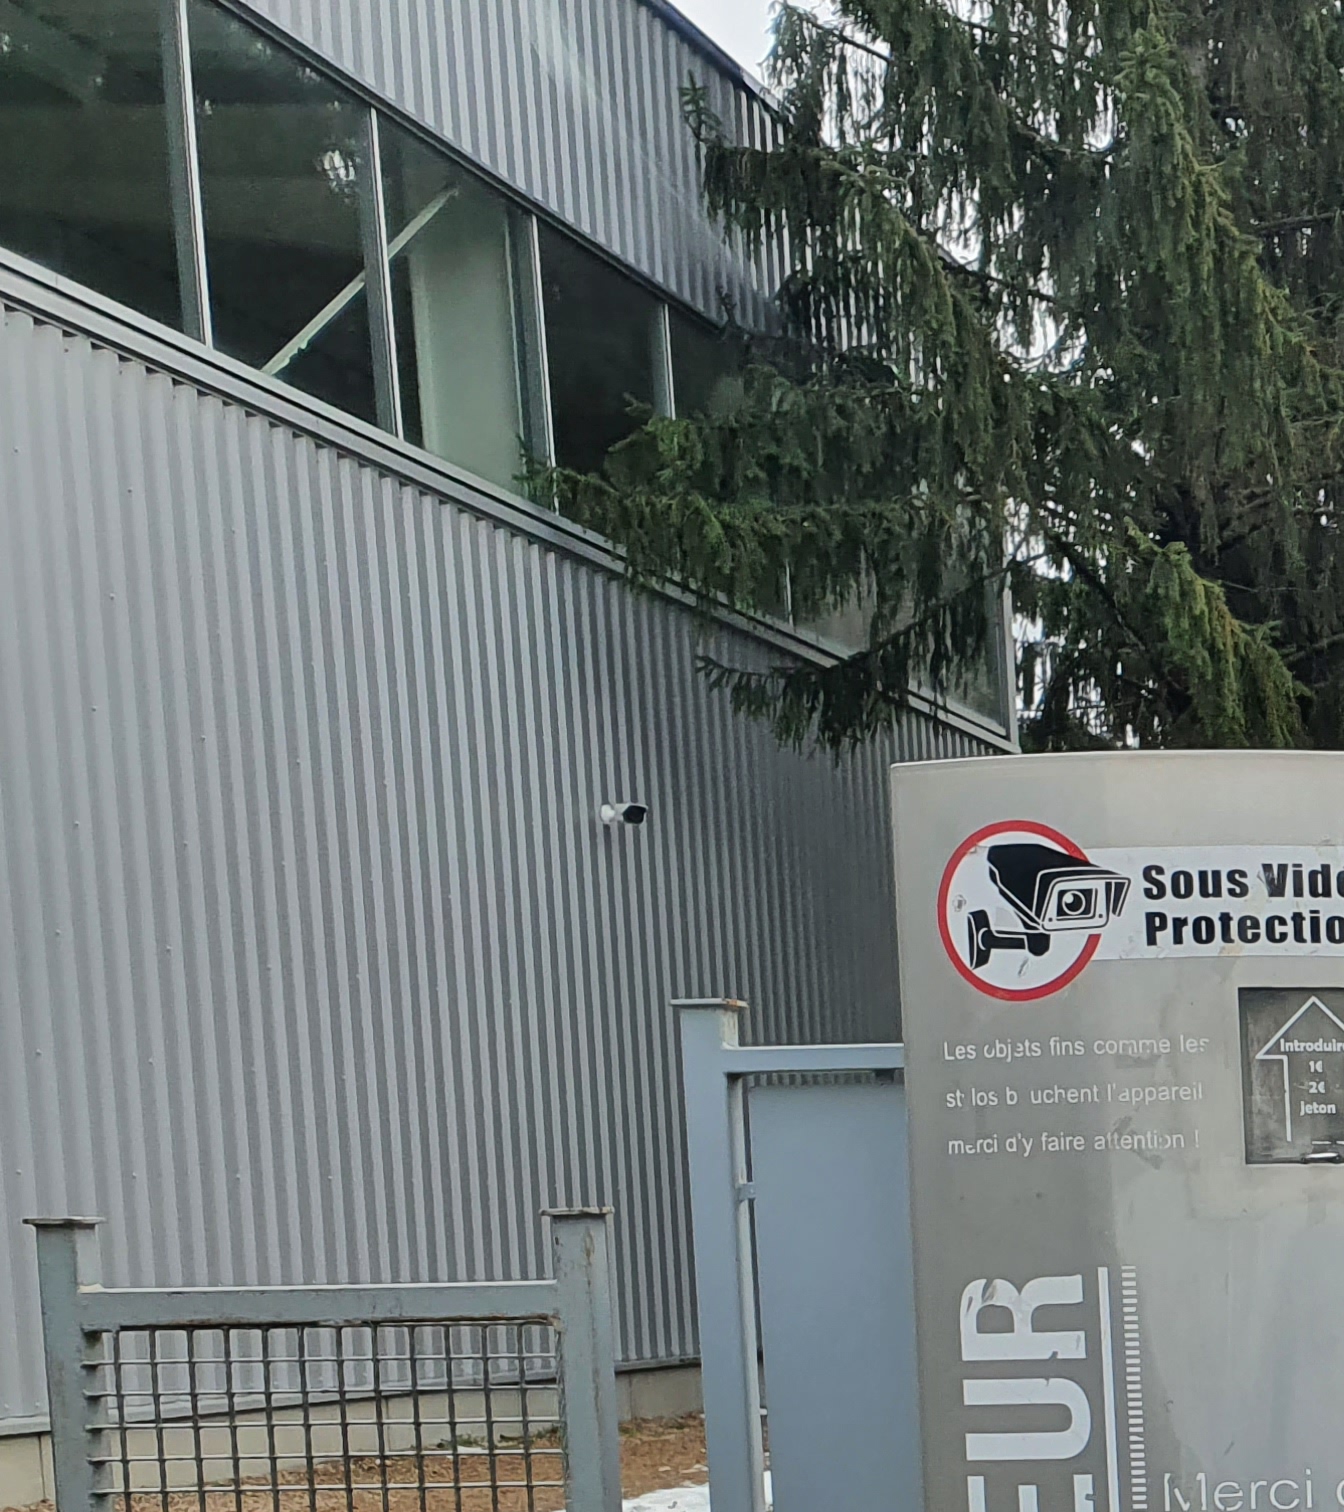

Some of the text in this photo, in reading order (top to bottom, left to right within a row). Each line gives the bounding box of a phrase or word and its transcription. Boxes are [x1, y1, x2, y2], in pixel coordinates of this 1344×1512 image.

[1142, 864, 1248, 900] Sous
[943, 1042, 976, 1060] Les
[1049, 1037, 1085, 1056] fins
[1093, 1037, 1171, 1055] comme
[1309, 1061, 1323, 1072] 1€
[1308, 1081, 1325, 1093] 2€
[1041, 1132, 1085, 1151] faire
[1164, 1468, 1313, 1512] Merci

*WORK TO BE COMPLETED:*
Output the listing above exactly, but leave its pictures behind.

*ANSWER SECTION:*
Some of the text in this photo, in reading order (top to bottom, left to right within a row). Each line gives the bounding box of a phrase or word and its transcription. Boxes are [x1, y1, x2, y2], in pixel coordinates of this 1344×1512 image.

[1142, 864, 1248, 900] Sous
[943, 1042, 976, 1060] Les
[1049, 1037, 1085, 1056] fins
[1093, 1037, 1171, 1055] comme
[1309, 1061, 1323, 1072] 1€
[1308, 1081, 1325, 1093] 2€
[1041, 1132, 1085, 1151] faire
[1164, 1468, 1313, 1512] Merci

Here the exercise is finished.